Méndez no miraba a Abel, porque sabía que de esa manera él hablaba con más libertad, como si estuviera solo con su pasado y con su memoria. Y a Méndez le interesaba que hablase, de modo que sólo le interrumpió para preguntar:

—¿Le hizo usted alguna escena?

—No, eso nunca. Hubiera sido romper nuestra amistad, nuestra delicadeza o nuestro pacto secreto. Una vez le dije solamente, al salir del colegio, después de hablar de dinastías reinantes, príncipes, princesas y no sé qué: «Tú eres mi princesita». Y él se quedó muy turbado, pero luego me sonrió. Sus sonrisas eran una promesa, eran provocativas, quizá un poco turbias, aunque a mí me parecían un rayo de luz a través de la tristeza del aula. Cuando Paquito tenía la sensación de que me había enfadado con él, una sonrisa me desarmaba, lo volvía a poner todo en orden. Cuando notaba que yo pasaba por una crisis de celos y que estaba huraño, Paquito se me ofrecía, por decirlo de algún modo. Hacía cosas para mí que no se le hubiera ocurrido hacer para ningún otro. Las hacía.

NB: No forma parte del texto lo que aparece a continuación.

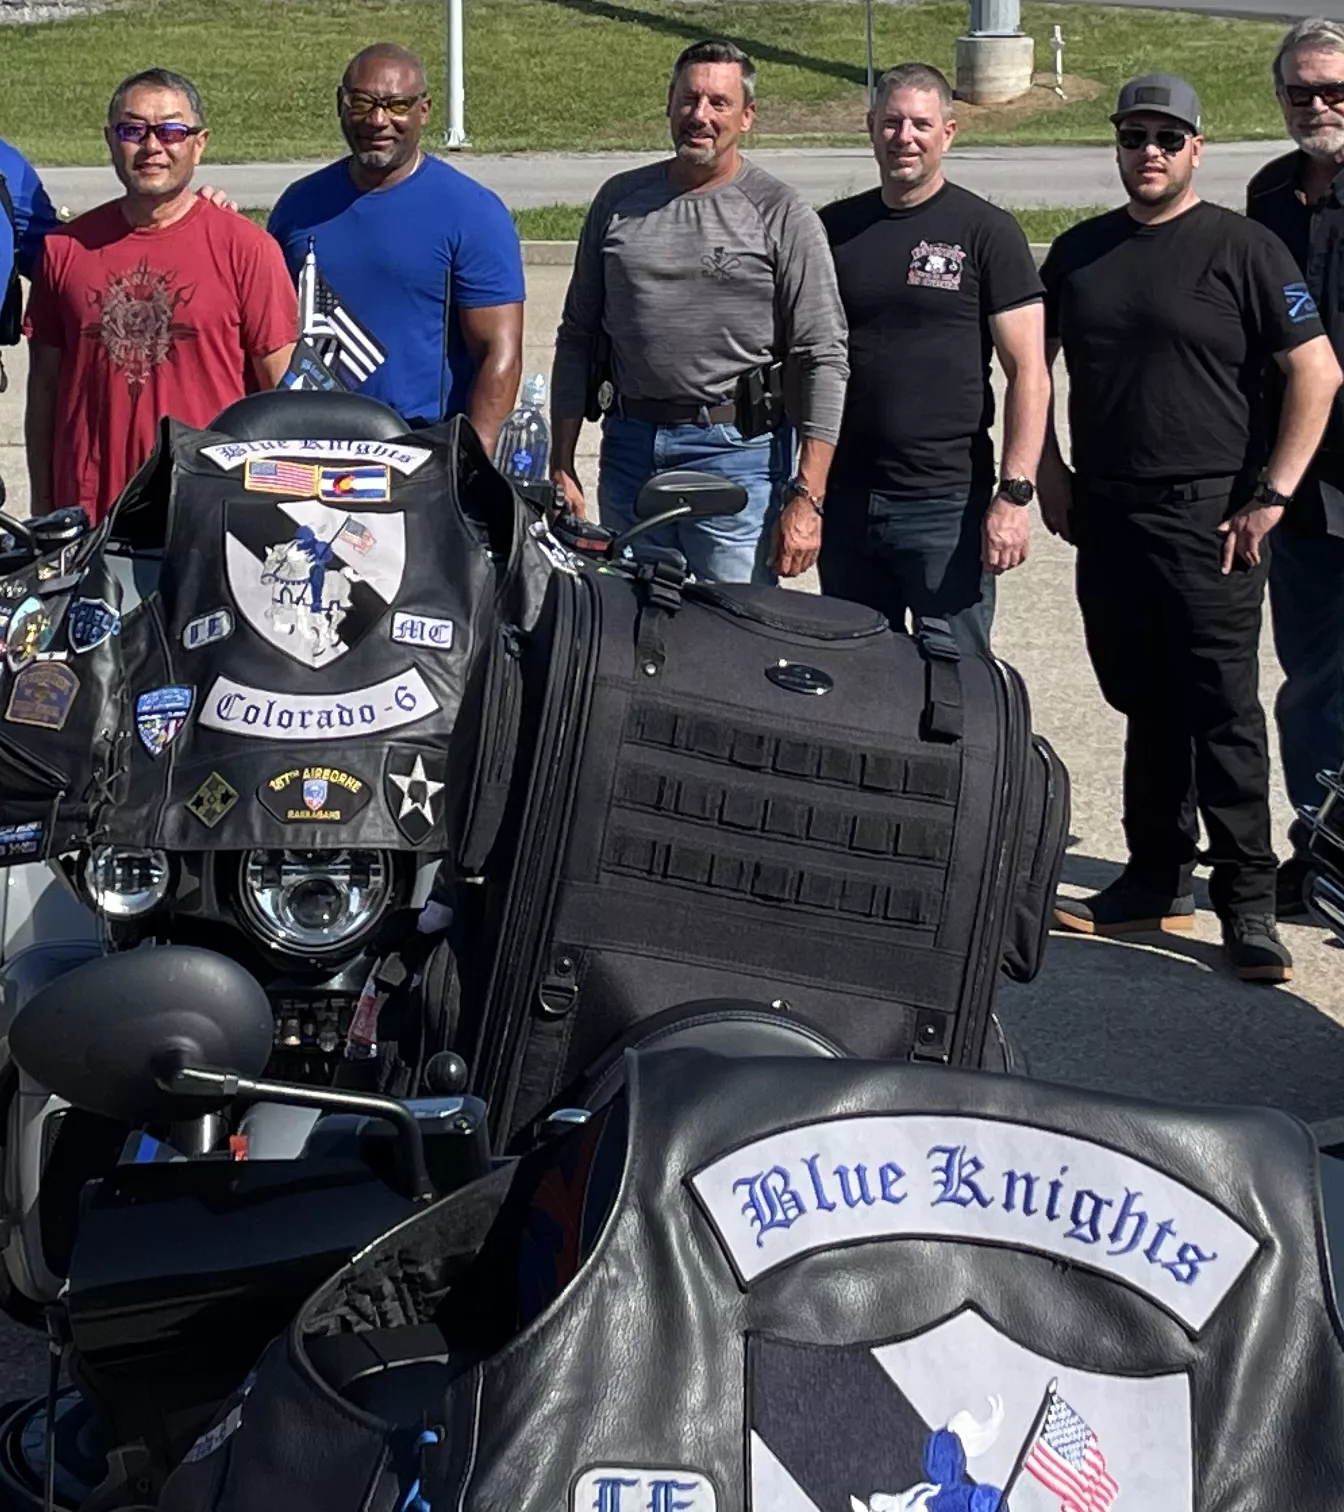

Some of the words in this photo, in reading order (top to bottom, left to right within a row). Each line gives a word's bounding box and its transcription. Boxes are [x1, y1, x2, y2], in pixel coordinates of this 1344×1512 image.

Ahora sí que Méndez le miró.

—¿Qué hacía? —preguntó.

—Bueno, por ejemplo lo de la mesa del laboratorio de química. Es como si lo estuviera viendo, ¿sabe? La habitación grande y más bien oscura, las estanterías con botellas donde centenares de alumnos anteriores a nosotros habían ido acumulando una sabiduría tan inútil como remota. Las balanzas de precisión que no podían pesar nada que valiese la pena, puesto que eran incapaces de pesar mis pensamientos y el aire que yo contenía en los pulmones, con una angustia muy mía, cada vez que Paquito se tendía sobre la mesa. Porque allí estaba la gran mesa en torno a la cual los alumnos nos apelotonábamos para ver siempre el mismo experimento con el mismo humo pestilente, donde al parecer habíamos de encontrar la sabiduría colectiva. Fingiendo que quería ver mejor, Paquito llegaba a tenderse de vientre sobre la mesa, pero eso lo hacía porque sabía que yo estaba detrás, que me quedaría allí con las manos temblorosas y el aire haciéndome daño en los pulmones. Porque no me atrevía ni a respirar. Y eso era, Méndez: Paquito tendido delante mío, con las piernas algo abiertas para que se viese la línea remota de su fin, levantando un poco la grupa, como esperando un asalto que no llegaría, pero que él dejaba dibujado en el aire. Cierro los ojos y lo veo otra vez, Méndez, y siento que necesito explicarlo ahora que me he quedado solo, como si fuera un último homenaje: los levísimos pelos dorados de sus muslos, tan suaves como la piel de una fruta, la curva de sus nalgas insolentes, una gotita de sudor en los bordes de sus calcetines, un rayo de luz marcando una línea horizontal sobre sus rodillas, como las ligas de una mujer. Y él lo hacía por mí, lo hacía para que le mirase, me daba en exclusiva su pequeña perversidad, que era lo más secreto y lo más valioso que tenía. Y, sin embargo, nunca llegamos a tocarnos, nunca, hasta aquella tarde religiosa del cine barato, de la última fila y del techo tan alto que siempre lo veíamos en penumbra. Cada uno tiene su pasado, Méndez, cada uno tiene el suyo, maldita sea, y si pensaras con sinceridad en ese pasado, en todos los rincones de ese pasado, te pondrías a chillar.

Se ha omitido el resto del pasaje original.